[Free-text object descriptions]
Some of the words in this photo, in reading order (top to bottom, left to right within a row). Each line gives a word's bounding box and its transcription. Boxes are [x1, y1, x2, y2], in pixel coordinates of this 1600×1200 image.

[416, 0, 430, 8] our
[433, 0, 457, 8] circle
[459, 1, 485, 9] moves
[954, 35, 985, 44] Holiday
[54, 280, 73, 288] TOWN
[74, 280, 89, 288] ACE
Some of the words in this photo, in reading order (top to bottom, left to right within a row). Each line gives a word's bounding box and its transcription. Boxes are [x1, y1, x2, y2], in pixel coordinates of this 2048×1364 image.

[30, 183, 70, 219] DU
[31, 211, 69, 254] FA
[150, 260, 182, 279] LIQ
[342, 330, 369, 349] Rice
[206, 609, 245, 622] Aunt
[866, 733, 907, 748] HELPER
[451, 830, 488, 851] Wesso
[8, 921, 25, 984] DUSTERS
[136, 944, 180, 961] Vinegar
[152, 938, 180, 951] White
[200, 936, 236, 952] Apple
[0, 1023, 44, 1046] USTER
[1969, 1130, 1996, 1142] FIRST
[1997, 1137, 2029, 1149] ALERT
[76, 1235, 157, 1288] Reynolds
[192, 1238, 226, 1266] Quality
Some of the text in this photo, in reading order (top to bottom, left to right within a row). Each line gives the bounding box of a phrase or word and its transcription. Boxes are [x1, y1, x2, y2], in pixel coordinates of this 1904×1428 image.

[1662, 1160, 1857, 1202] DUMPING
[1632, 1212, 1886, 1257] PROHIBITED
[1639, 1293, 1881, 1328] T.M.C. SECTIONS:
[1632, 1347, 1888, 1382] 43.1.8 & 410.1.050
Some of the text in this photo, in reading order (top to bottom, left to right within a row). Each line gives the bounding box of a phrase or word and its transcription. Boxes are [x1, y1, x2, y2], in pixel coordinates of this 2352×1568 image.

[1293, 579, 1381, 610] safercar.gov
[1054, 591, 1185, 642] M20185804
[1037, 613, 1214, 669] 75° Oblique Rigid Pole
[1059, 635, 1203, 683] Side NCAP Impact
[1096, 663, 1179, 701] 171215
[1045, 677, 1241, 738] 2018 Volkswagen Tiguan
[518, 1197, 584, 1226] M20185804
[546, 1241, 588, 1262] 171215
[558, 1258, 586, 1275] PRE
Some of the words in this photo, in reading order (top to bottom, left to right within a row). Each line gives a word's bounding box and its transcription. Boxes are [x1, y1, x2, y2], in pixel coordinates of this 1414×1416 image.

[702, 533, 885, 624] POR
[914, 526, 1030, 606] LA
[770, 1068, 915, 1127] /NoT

Aim of the task: Repeat exactly the lines from the line containing "this 1904×1428 image." through the last line of the records above, including both, and nothing else.

Exercise answer:
Some of the text in this photo, in reading order (top to bottom, left to right within a row). Each line gives the bounding box of a phrase or word and its transcription. Boxes are [x1, y1, x2, y2], in pixel coordinates of this 1904×1428 image.

[1662, 1160, 1857, 1202] DUMPING
[1632, 1212, 1886, 1257] PROHIBITED
[1639, 1293, 1881, 1328] T.M.C. SECTIONS:
[1632, 1347, 1888, 1382] 43.1.8 & 410.1.050
Some of the text in this photo, in reading order (top to bottom, left to right within a row). Each line gives the bounding box of a phrase or word and its transcription. Boxes are [x1, y1, x2, y2], in pixel coordinates of this 2352×1568 image.

[1293, 579, 1381, 610] safercar.gov
[1054, 591, 1185, 642] M20185804
[1037, 613, 1214, 669] 75° Oblique Rigid Pole
[1059, 635, 1203, 683] Side NCAP Impact
[1096, 663, 1179, 701] 171215
[1045, 677, 1241, 738] 2018 Volkswagen Tiguan
[518, 1197, 584, 1226] M20185804
[546, 1241, 588, 1262] 171215
[558, 1258, 586, 1275] PRE
Some of the words in this photo, in reading order (top to bottom, left to right within a row). Each line gives a word's bounding box and its transcription. Boxes are [x1, y1, x2, y2], in pixel coordinates of this 1414×1416 image.

[702, 533, 885, 624] POR
[914, 526, 1030, 606] LA
[770, 1068, 915, 1127] /NoT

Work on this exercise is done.